The price of players in Fantasy Premier League are very important. Essentially, they determine the players you can bring into your FPL team.
Invariably, the best players are the most expensive. There are exceptions to this and it is identifying these supposed bargains that pay dividends in FPL.
While player prices are relatively static – they don’t often change by more than a couple of million – they do frequently change. Prices change daily but each player cannot increase or decrease by more than £0.1m.
Latest price changes in Fantasy Premier League
|NAME||ORIGINAL PRICE||CURRENT PRICE||PRICE CHANGE|
How to profit
The above table lists the very latest price changes. Any positive changes in price within your squad you retain the profit on – at least some of it.
When you sell a player in FPL, you get to keep half of the profit. If the total profit on a player is an odd increment, i.e. £0.5m, then you’ll keep £0.2m of that as it is rounded down.
A lot of Fantasy Premier League managers pay close attention to their squad value as this enables you to buy more expensive players as the season progresses. There is a correlation between high team values and success.

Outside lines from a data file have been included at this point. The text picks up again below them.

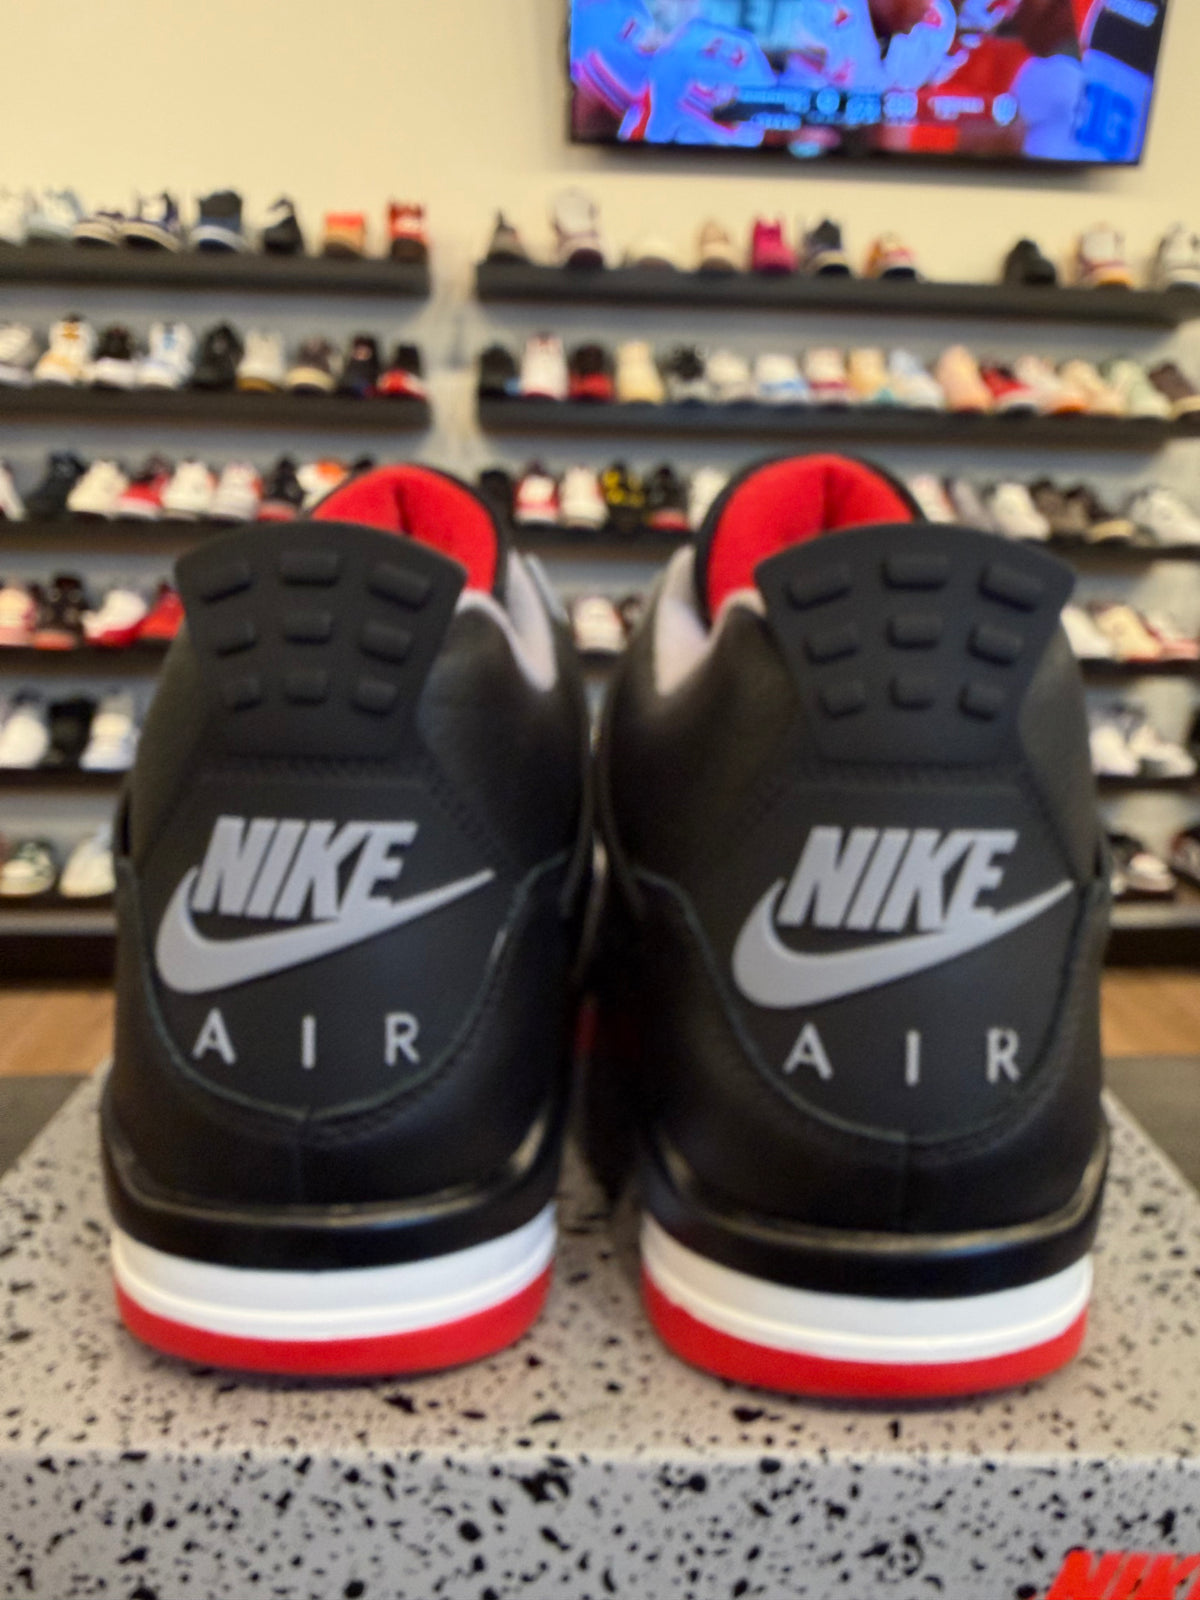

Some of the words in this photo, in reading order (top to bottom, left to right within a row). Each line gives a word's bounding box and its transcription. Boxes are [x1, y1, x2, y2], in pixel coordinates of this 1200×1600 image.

[192, 815, 419, 922] NIKE
[776, 825, 1018, 934] NIKE
[192, 1007, 420, 1070] AIR
[783, 1021, 1021, 1087] AIR
[1045, 1549, 1200, 1600] NIK

If there are more than 10 changes in a single day, you can change the number of entries in the top-left hand corner as opposed to clicking through the pages. Additionally, you can also sort by the price change column to show which players have had the biggest overall price increase and decrease.

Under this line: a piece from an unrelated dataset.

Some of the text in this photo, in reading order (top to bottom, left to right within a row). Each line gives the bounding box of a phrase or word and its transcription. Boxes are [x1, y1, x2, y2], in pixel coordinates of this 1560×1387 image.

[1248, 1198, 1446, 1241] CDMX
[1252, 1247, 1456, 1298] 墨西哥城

What causes price changes?
The changes are determined by a player’s net transfers. A high number of transfers in could increase their price and a high number of transfers out, decrease it.
The exact formula, or threshold, for determining what causes a price change is unknown.
Player prices can change on consecutive days. Generally they don’t however, unless there is an unusual influx (or outflux) of transfers either way.
Sometimes the people responsible for pricing players in Fantasy Premier League get it wrong.
Think of Jamie Vardy and Riyad Mahrez in Leicester’s title winning season. Then there was Mohamed Salah in his return to the Premier League.
Most recently, in 2019/20, Mason Greenwood became a must have player and was even priced under £4.5m at some points.
While these players will inevitable increase in price – a lot – they can’t really become too expensive. All of the above examples, even £2.0m above their starting price were more than worth having.
This shows there is maybe an argument that Fantasy Premier League’s price change increments of £0.1m are too small. That is a debate to be had elsewhere, however.